More than 200 years after the founding of the Order that spirit and vision—our way of educating as Sophie Barat put it—continues to flourish at this School. Former pupils of Baradene are noted in the community as leaders in a number of different fields. For one example, earlier this year, I had the pleasure of presenting at Parliament a Top Scholar Award to student Alice Hickey. As the School’s 2007 ERO report (which I have read) noted: “Baradene College continues to provide a high quality education for its students. In the tradition of the Society of the Sacred Heart, there is a strong focus on educating the whole person, on academic achievement and fostering a ‘deep respect for intellectual values’.”
This new $10 million enterprise—the Barat Building—which will be the art, science and technology building—is a fitting tribute both to Order’s founder and to this School and its “deep respect for intellectual values”.
There is a wonderful opportunity here for both Baradene staff and students and a challenge. The challenge is that bricks and mortar can only facilitate learning - they cannot make it happen. It will be for each of you to put the Barat Building to its best good use. It seems to me that based on the proud history of this school, to some of which I have referred, there can be some certainty that you will.

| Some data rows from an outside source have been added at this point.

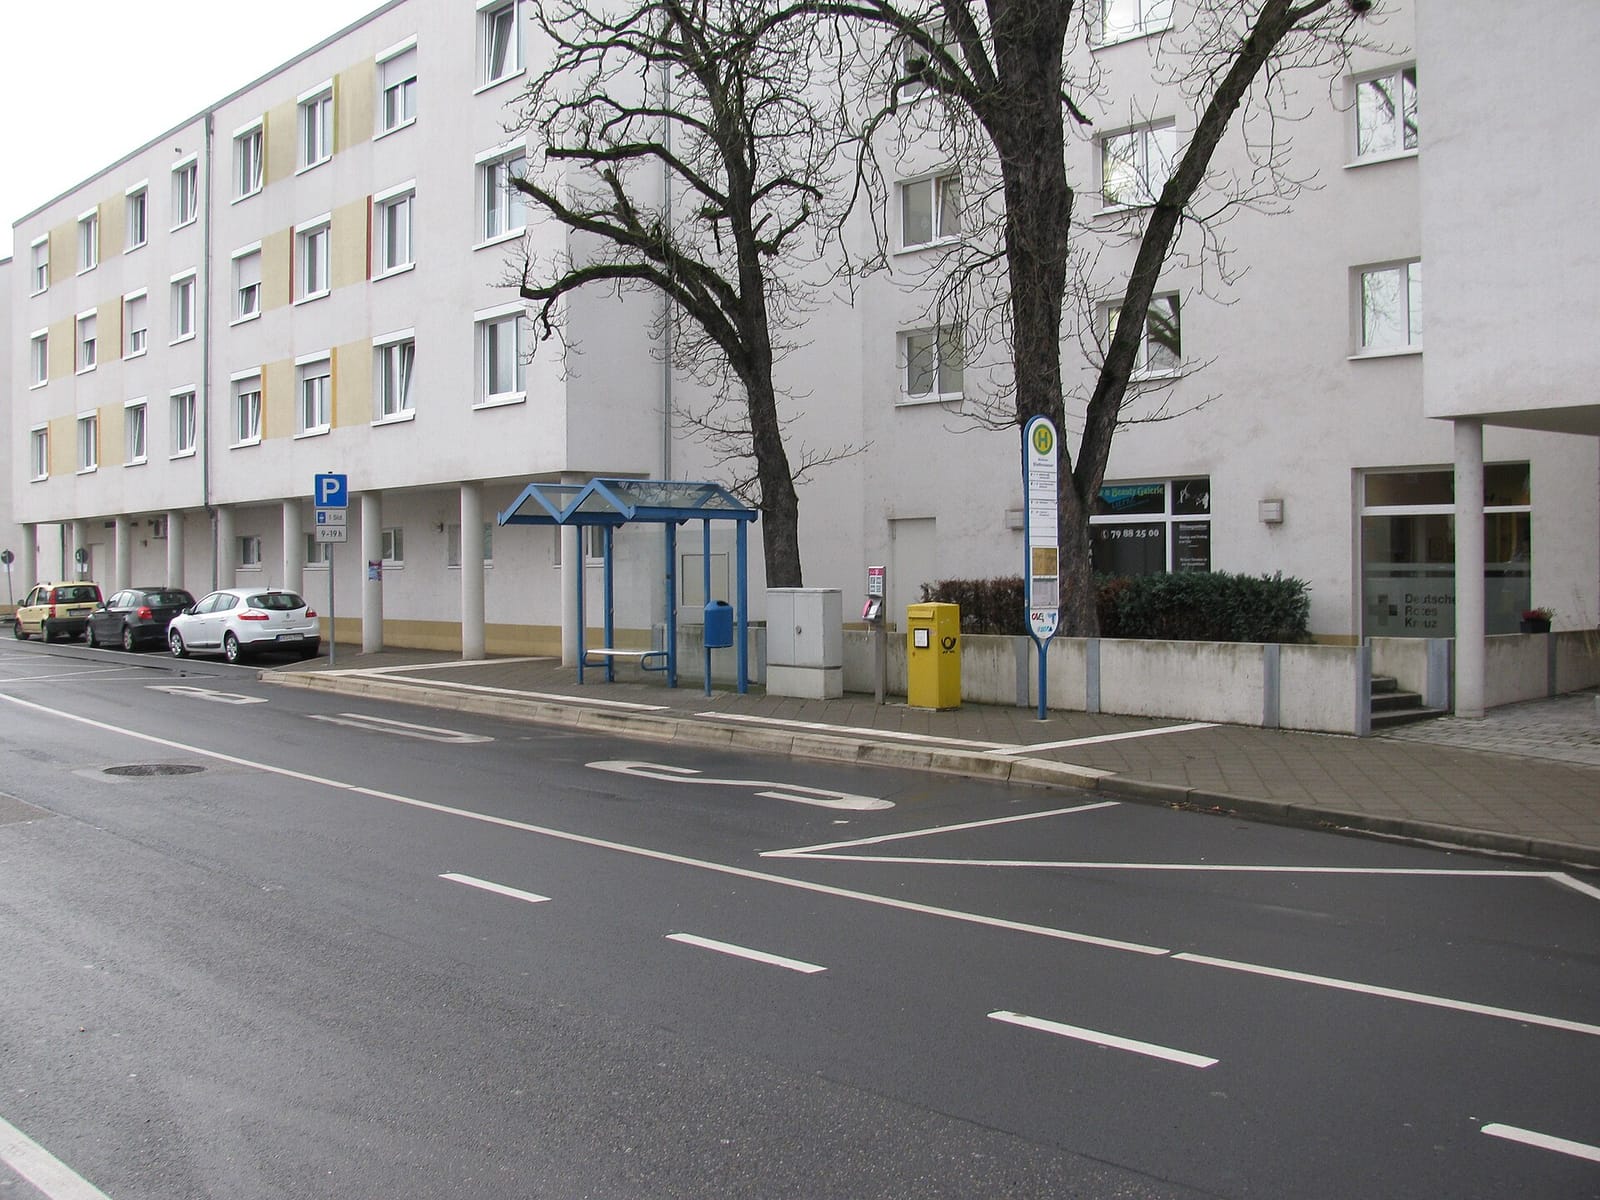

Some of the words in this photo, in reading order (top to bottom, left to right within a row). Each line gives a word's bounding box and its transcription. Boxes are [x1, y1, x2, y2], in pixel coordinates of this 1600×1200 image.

[1038, 431, 1049, 449] H
[322, 478, 340, 503] P
[1111, 487, 1137, 498] Beauty
[1137, 486, 1164, 497] Galerie
[1111, 530, 1121, 539] 79
[1123, 529, 1133, 537] 88
[1135, 529, 1146, 538] 25
[1148, 529, 1159, 537] 00
[1405, 593, 1455, 604] Detsche
[1405, 617, 1437, 628] Kruz
[145, 685, 896, 811] BUS

In conclusion, I add congratulations to the School, its staff, students and wider community on reaching a centenary and on reaching 50 years in the current name, and on marking the occasion in as fitting a way as commissioning a new building for the future. It thus gives me great pleasure to declare the Barat Building open.
And on that note of anticipation, I will close in New Zealand’s first language Māori, offering everyone greetings and wishing you all good health and fortitude in your endeavours. No reira, tēnā koutou, tēnā koutou, kia ora, kia kaha, tēnā koutou katoa.